W3C home > Mailing lists > Public > www-international@w3.org > July to September 2006

Re: Character encoding information of Http Request

From: Chris Haynes <chris@harvington.org.uk>
Date: Wed, 13 Sep 2006 21:52:59 +0100
Message-ID: <05d101c6d776$98aa7ae0$0600000a@john>
To: <www-international@w3.org>

"Bjoern Hoehrmann" commented:

> * Richard Ishida wrote:
>>If you are aware of current or future standard to retrieve the
>>character encoding from the browser, please let me know.
> "HTTP request" is rather broad, there are many places in a HTTP requests
> where character information is conveyed to web applications, including
> the request resource identifier, individual header fields, and the body
> of the message. Clients would only need to convey encoding information
> if it is possible that different clients use different encodings. This
> is typically avoided (through means such as picking the page encoding
> properly, or the accept-charset attribute for HTML forms). Where this is
> insufficient, http://www.w3.org/TR/web-forms-2/#the-charset can be used
> in some browsers. draft-hoehrmann-urlencoded-00 is an upcoming Internet-
> Draft that helps removing the need to convey the character encoding to
> web applications. I am not sure there are cases where you need _charset_
> if you want UTF-8 submissions, though.
> -- 

There is a very specific problem that needs considering. I raised it at the time 
that IRIs were being developed, but was informed that it was not the time/place 
to consider the issue.

Here is the specific problem:

Consider HTTP requests being made using GET with parameter values being 
URL-encoded in the request line.

e.g. http://www.example.com?name=fr%hh%HH

%hh and %HH represent a pair of octet values.
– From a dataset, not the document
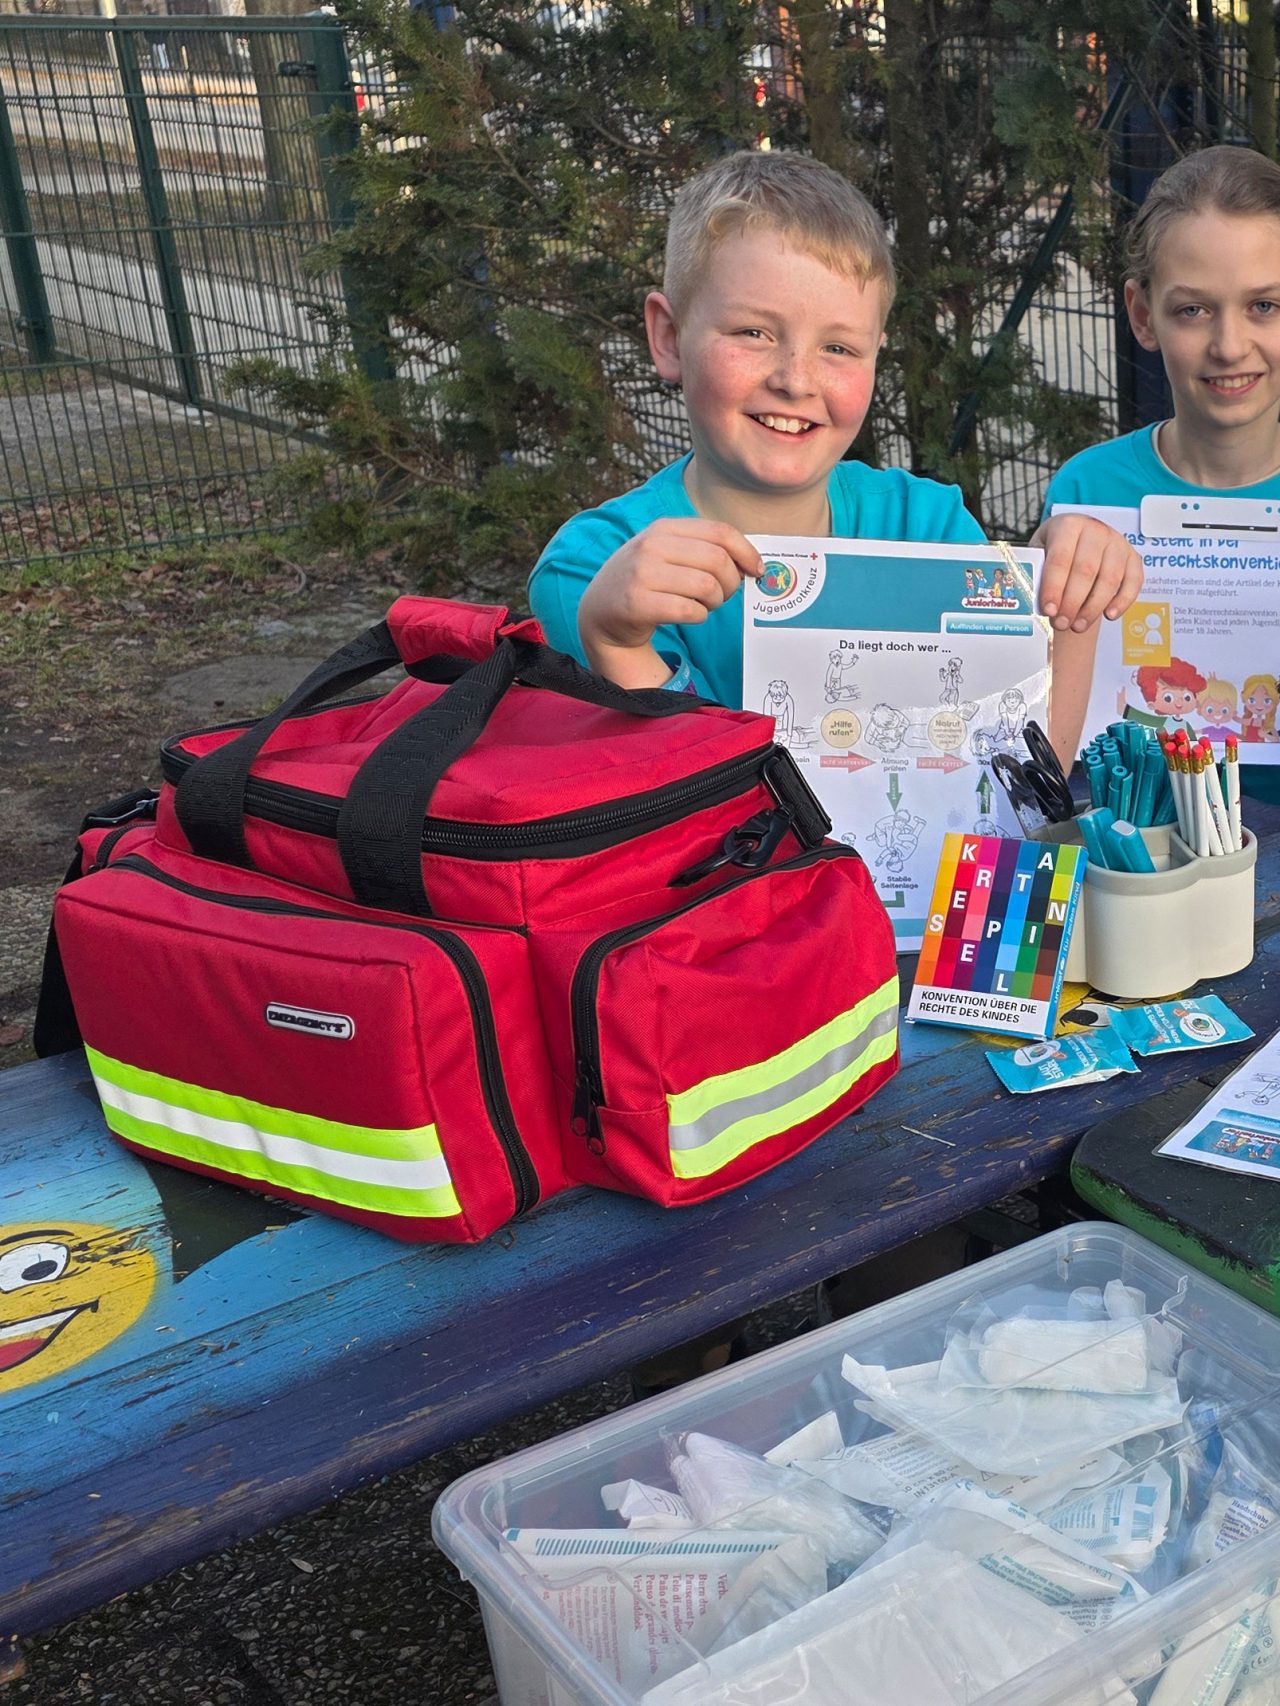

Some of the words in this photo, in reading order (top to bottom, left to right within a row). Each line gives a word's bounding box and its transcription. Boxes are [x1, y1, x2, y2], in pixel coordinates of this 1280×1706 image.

As far as I know, there is no current RFC-specified method for determining the 
encoding which these two octets represent.

The 'default' behaviour of the majority of early web servers was to _assume_ 
that these two octets represented two characters in a 'local' character set 
having 256 code point values, typically ISO 8859-1.

Many modern systems would prefer the text data to be transmitted in UTF-8, so as 
to be able to represent the full Unicode character set. As Bjoern Hoehrmann 
indicates, it is easy to instruct the browser to encode all text from an HTML 
FORM using UTF-8.

But how does the web server know that this has been done?

One needs to understand a common architecture of modern web servers, such as 
those which support multiple Web Applications. These Web Applications may be 
developed and deployed by wholly independent entities and hosted by a common web 
server, whose operator knows nothing of the design rules adopted by the 
individual Web Application developers.

One web application developer may be happy with the default ISO 8859-1 encoding, 
another may explicitly require all her FORMs to encode text in UTF-8.

The problem is that the web server (the Web Application 'container') typically 
parses and decodes the URL-encoded request parameters in a common way. The 
container has no way of knowing (from any information contained in the request) 
which encoding has been used in any specific inbound request.

It is possible for the WebApplication to intervene in the process, and force the 
container to use a specific decoding before parsing the paarameters, but this 
a) Special, non-obvious programming which is state-sensitive,
b) The designers of the HTML pages containing the FORMs and the designers of the 
program analysing the HTTP request parameters to have absolute conformance to a 
common design rule - not always culturally reliable across time and space.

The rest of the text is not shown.